Die Church of England hat Sarah Mullally offiziell als neue Erzbischöfin von Canterbury inthronisiert, in einer Zeremonie, die in der Kathedrale der Stadt mit der Teilnahme von etwa 2.000 Personen stattfand.
Die Veranstaltung zählte mit der Anwesenheit von Prinz William und Prinzessin Kate im Namen der königlichen Familie sowie des britischen Premierministers Keir Starmer. Die Zeremonie umfasste das traditionelle Einzugsritual in die Kathedrale, bei dem die neue Erzbischöfin draußen wartete, bevor sie nach der Vorlesung eines Briefs von König Charles III., dem Oberhaupt der anglikanischen Kirche, offiziell empfangen wurde.

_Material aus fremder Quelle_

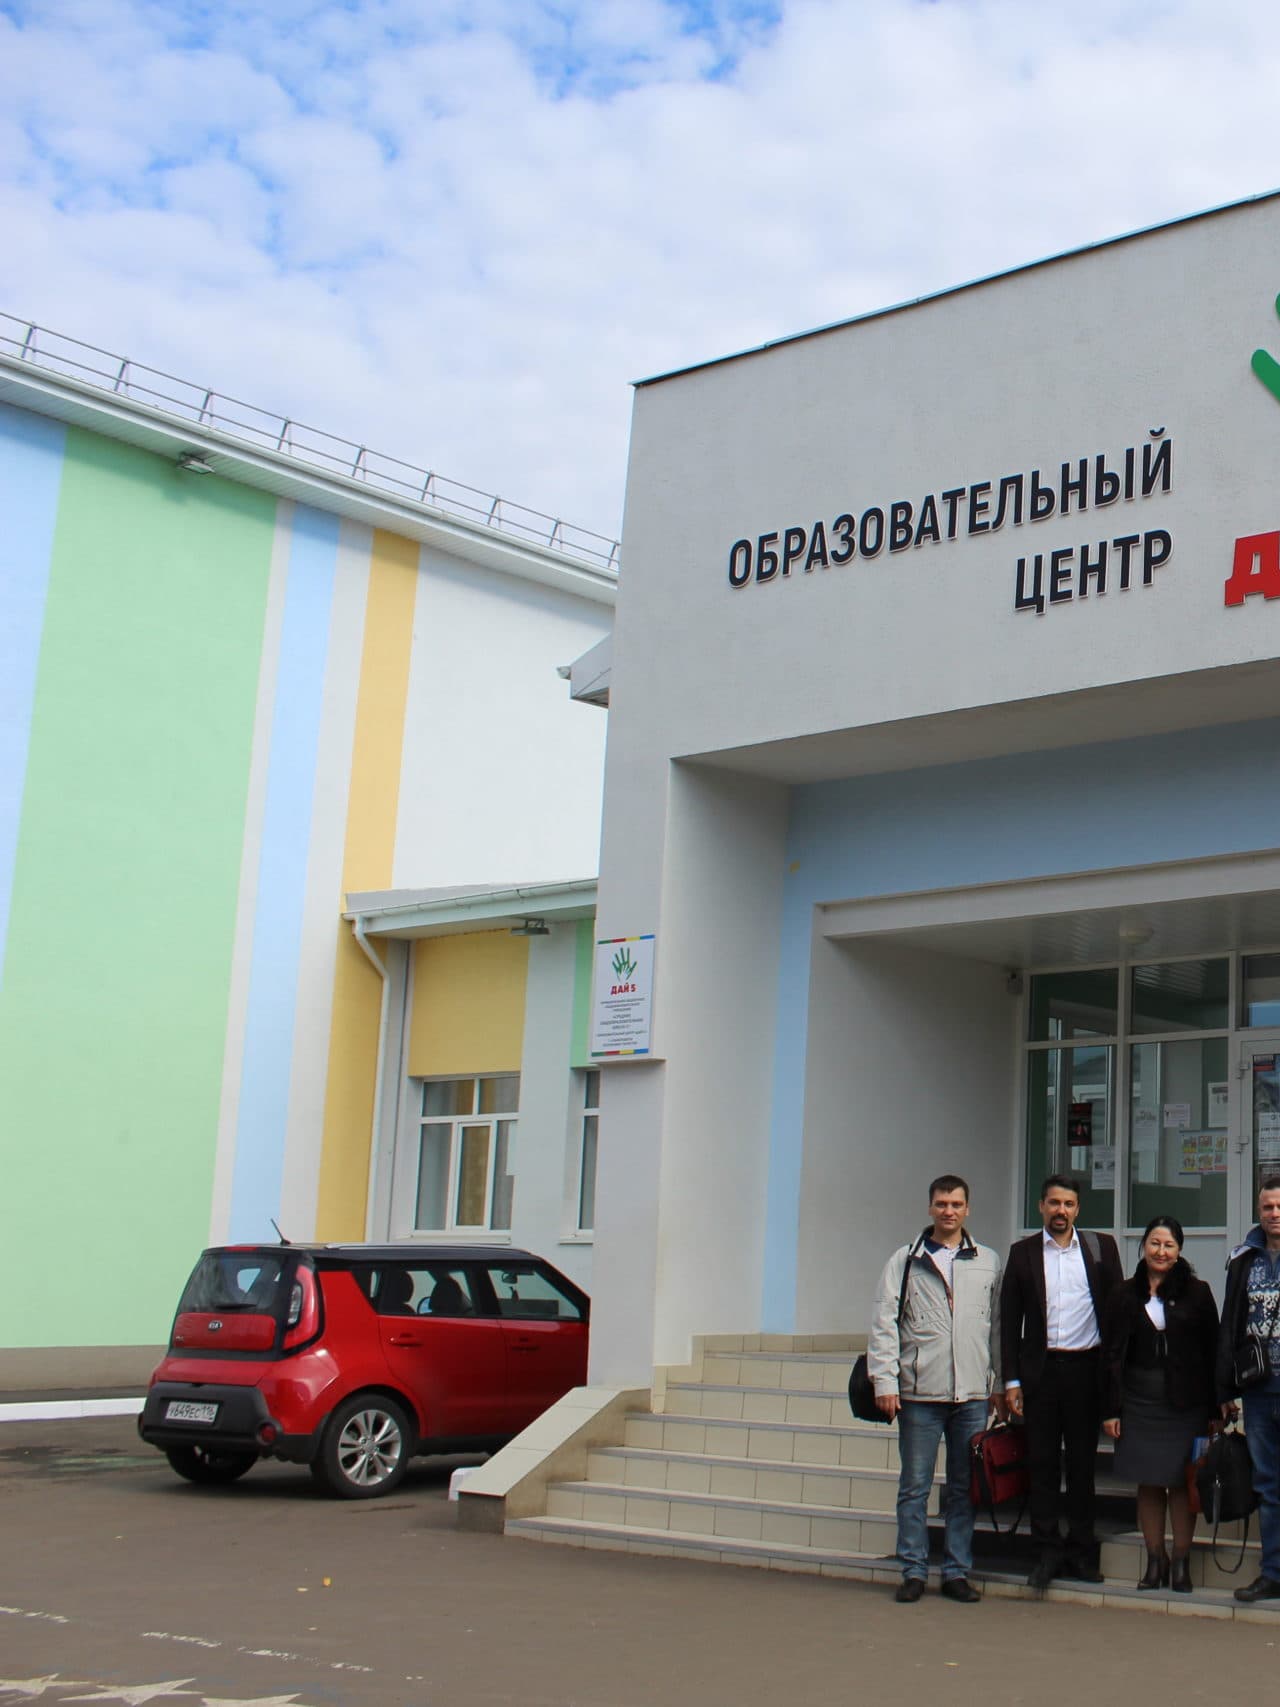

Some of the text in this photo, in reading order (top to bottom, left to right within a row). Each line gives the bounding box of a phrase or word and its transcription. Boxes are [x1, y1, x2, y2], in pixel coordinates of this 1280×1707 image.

[729, 427, 1174, 588] ОБРАЗОВАТЕЛЬНЫЙ
[1013, 529, 1173, 615] ЦЕНТР
[611, 982, 637, 995] ДАЙ 5

Schwur und ökumenisches Engagement
Während der Feier leistete Mullally den Eid auf Treue zu den Gesetzen der Church of England und dem britischen Monarchen. Ebenso unterzeichnete sie ein ökumenisches Engagement zusammen mit Vertretern anderer christlicher Konfessionen, die an der Veranstaltung teilnahmen.
Die neue Amtsinhaberin von Canterbury folgt auf Justin Welby und übernimmt das Amt des Primas der Church of England sowie die Referenzfigur in der Anglikanischen Kommunion auf weltweiter Ebene.

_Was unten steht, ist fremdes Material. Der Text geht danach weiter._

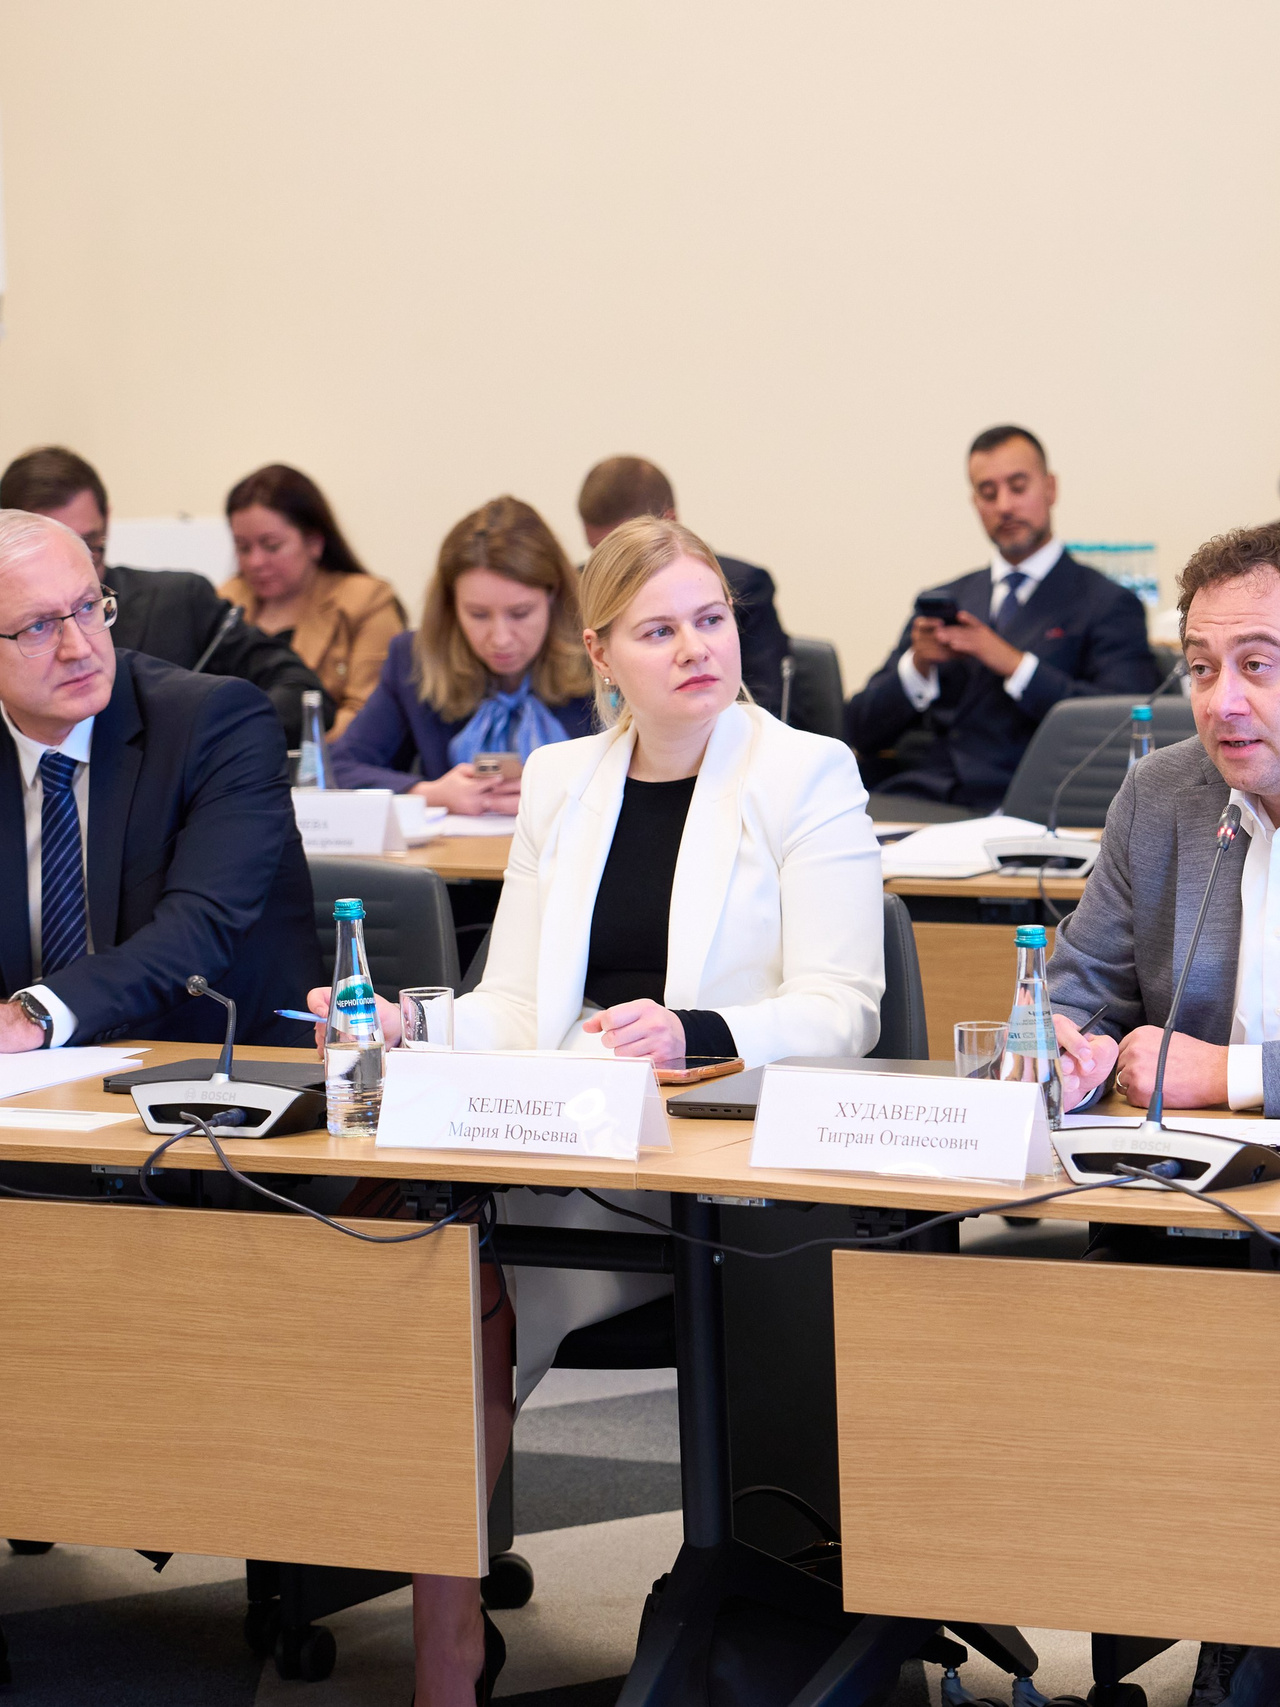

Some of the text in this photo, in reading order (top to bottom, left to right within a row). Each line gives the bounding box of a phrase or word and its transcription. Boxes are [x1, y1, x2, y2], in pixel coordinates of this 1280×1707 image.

[201, 1090, 237, 1102] BOSCH
[467, 1096, 566, 1117] КЕЛЕМБЕТ
[835, 1101, 968, 1125] ХУДАВЕРДЯН
[448, 1121, 578, 1145] Мария Юрьевна
[817, 1126, 979, 1151] Тигран Оганесович
[1131, 1139, 1171, 1152] BOSCH

Persönlicher und kirchlicher Werdegang
Sarah Mullally, 63 Jahre alt, hat eine Ausbildung als Krankenschwester und bekleidete verantwortungsvolle Positionen im britischen Gesundheitssystem, bevor sie 2001 als Diakonin und 2006 als Priesterin in der anglikanischen Kirche ordiniert wurde.
Im Jahr 2015 wurde sie zur Bischöfin geweiht und übte das Amt der Bischöfin der Diözese von London aus. Sie ist seit 1987 verheiratet und Mutter von zwei Kindern.
Eine Predigt, die sich auf Glauben und Hoffnung konzentriert
In ihrer ersten Predigt als Erzbischöfin, die vom Erzbistum Canterbury verbreitet wurde, nahm Mullally die Worte aus dem Evangelium nach Lukas – «bei Gott ist nichts unmöglich» – als Ausgangspunkt, um über das Vertrauen in Gott und den Weg des Glaubens nachzudenken.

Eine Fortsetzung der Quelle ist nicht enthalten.